Assignment: Return the data below exactly, minus the pictures.

#### Data supplied ####

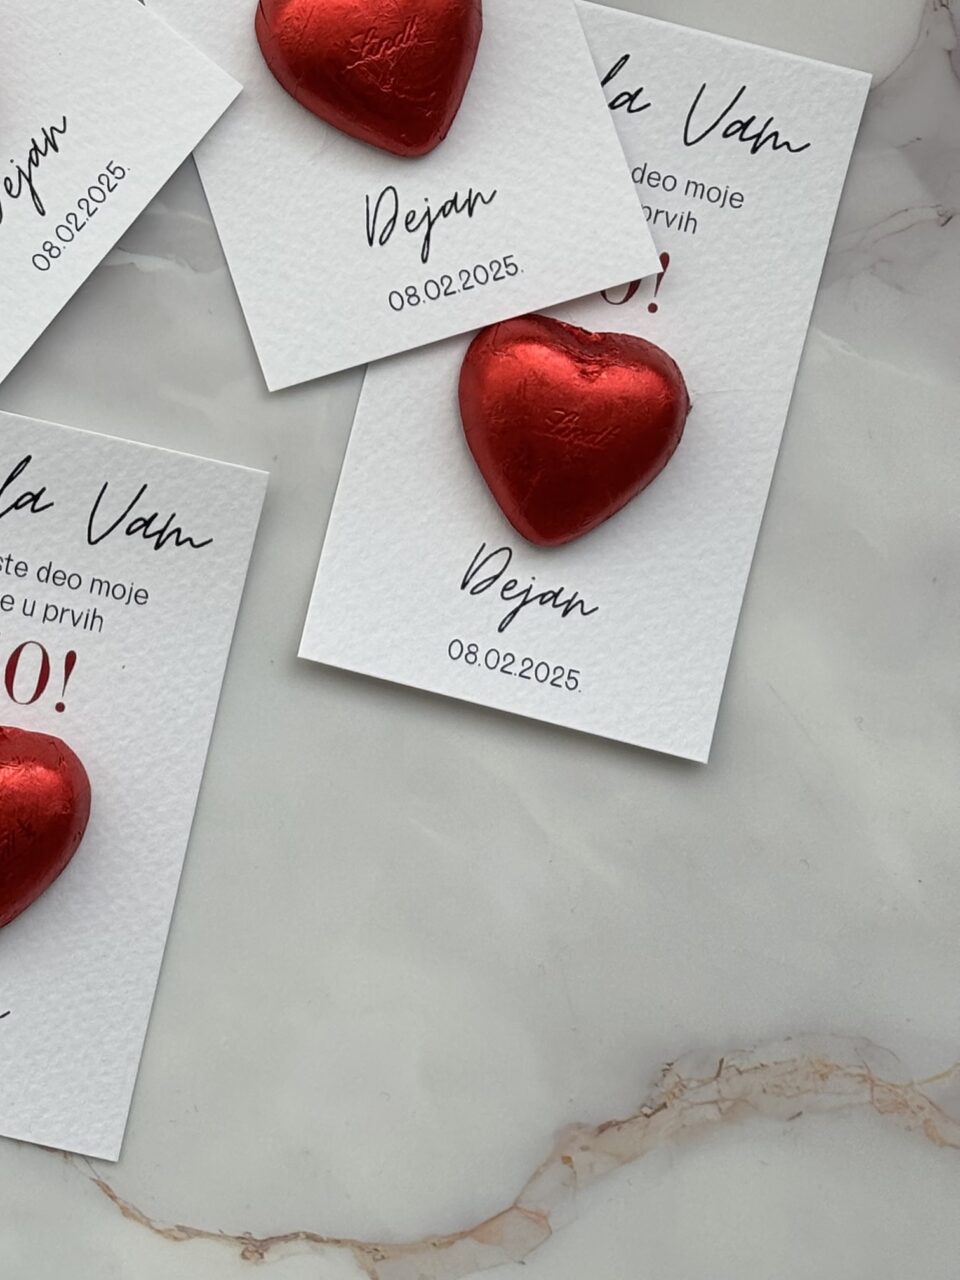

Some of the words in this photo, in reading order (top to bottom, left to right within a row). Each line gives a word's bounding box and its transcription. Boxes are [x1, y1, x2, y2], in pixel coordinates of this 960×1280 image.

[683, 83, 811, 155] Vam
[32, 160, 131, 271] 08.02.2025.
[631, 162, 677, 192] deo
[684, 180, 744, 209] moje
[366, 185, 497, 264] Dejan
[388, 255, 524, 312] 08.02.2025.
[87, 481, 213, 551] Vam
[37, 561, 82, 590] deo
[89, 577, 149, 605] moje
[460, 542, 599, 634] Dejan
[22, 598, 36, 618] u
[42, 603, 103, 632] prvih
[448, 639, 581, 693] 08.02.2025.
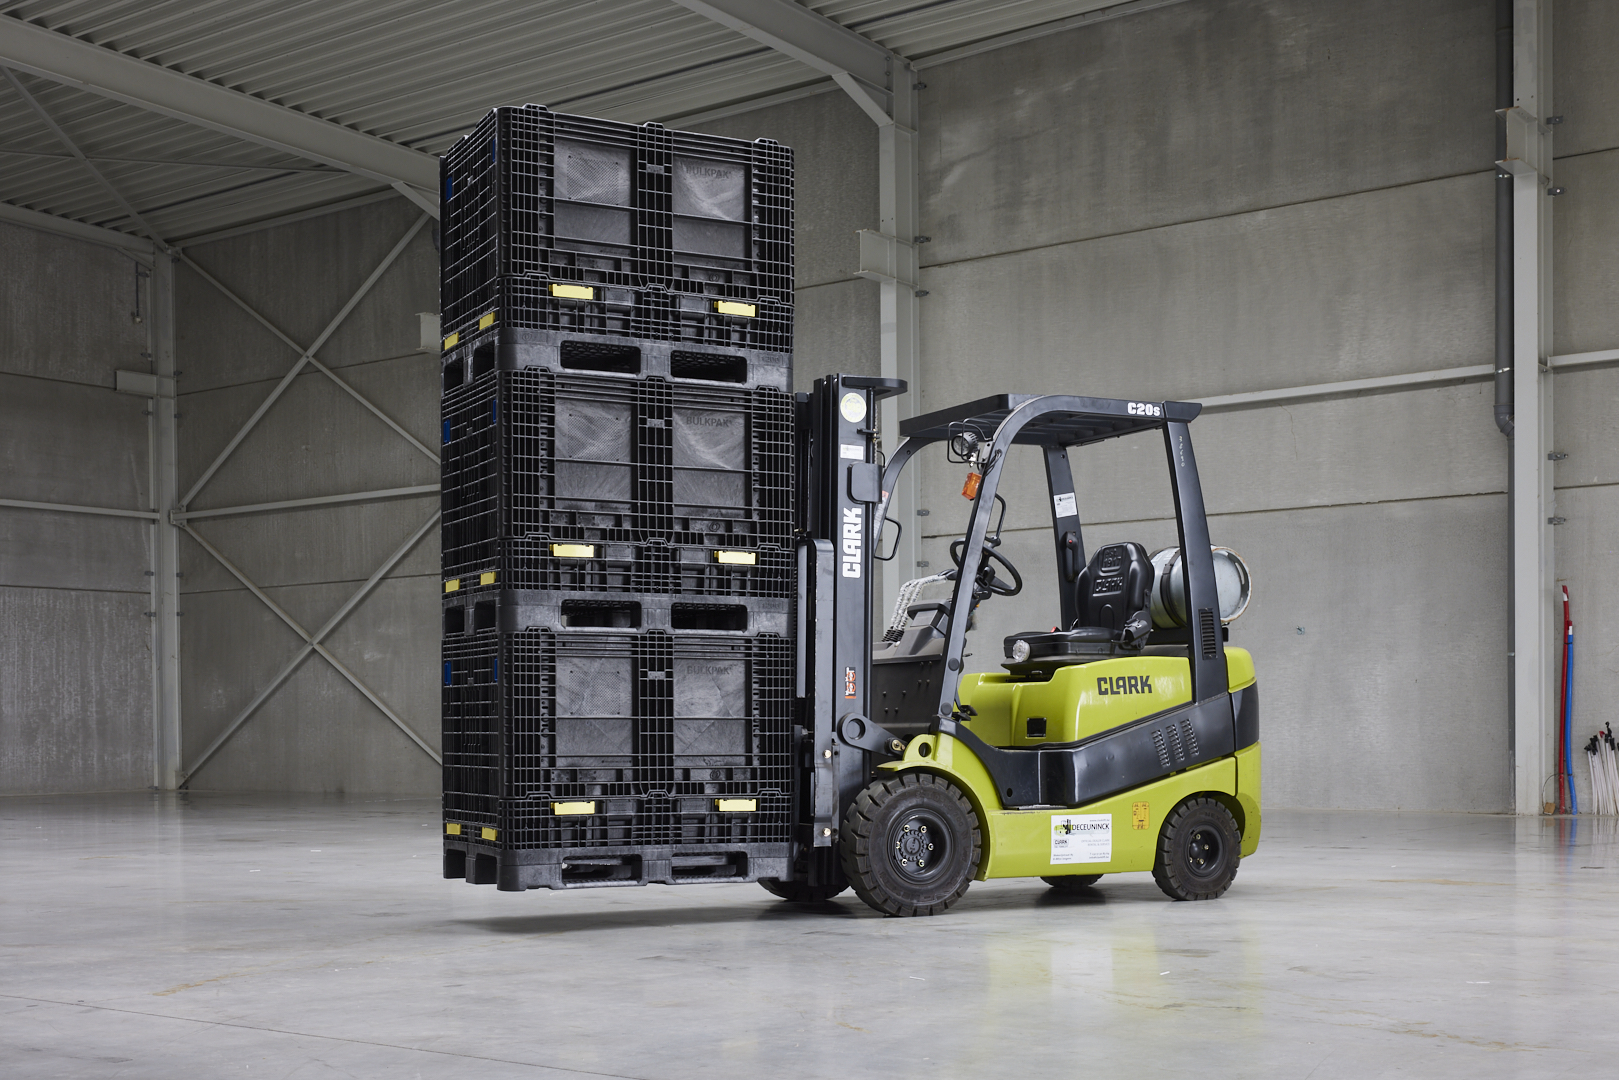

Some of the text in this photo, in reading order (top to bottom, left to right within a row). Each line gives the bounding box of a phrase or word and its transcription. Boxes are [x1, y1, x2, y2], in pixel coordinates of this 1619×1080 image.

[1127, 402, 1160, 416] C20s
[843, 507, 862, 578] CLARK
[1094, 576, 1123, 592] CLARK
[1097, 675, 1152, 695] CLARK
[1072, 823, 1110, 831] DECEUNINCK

####

Result of this task:
Some of the words in this photo, in reading order (top to bottom, left to right within a row). Each line gives a word's bounding box and its transcription. Boxes are [x1, y1, x2, y2], in pixel coordinates of this 960×1280 image.

[683, 83, 811, 155] Vam
[32, 160, 131, 271] 08.02.2025.
[631, 162, 677, 192] deo
[684, 180, 744, 209] moje
[366, 185, 497, 264] Dejan
[388, 255, 524, 312] 08.02.2025.
[87, 481, 213, 551] Vam
[37, 561, 82, 590] deo
[89, 577, 149, 605] moje
[460, 542, 599, 634] Dejan
[22, 598, 36, 618] u
[42, 603, 103, 632] prvih
[448, 639, 581, 693] 08.02.2025.

Some of the text in this photo, in reading order (top to bottom, left to right within a row). Each line gives the bounding box of a phrase or word and its transcription. Boxes are [x1, y1, x2, y2], in pixel coordinates of this 1619×1080 image.

[1127, 402, 1160, 416] C20s
[843, 507, 862, 578] CLARK
[1094, 576, 1123, 592] CLARK
[1097, 675, 1152, 695] CLARK
[1072, 823, 1110, 831] DECEUNINCK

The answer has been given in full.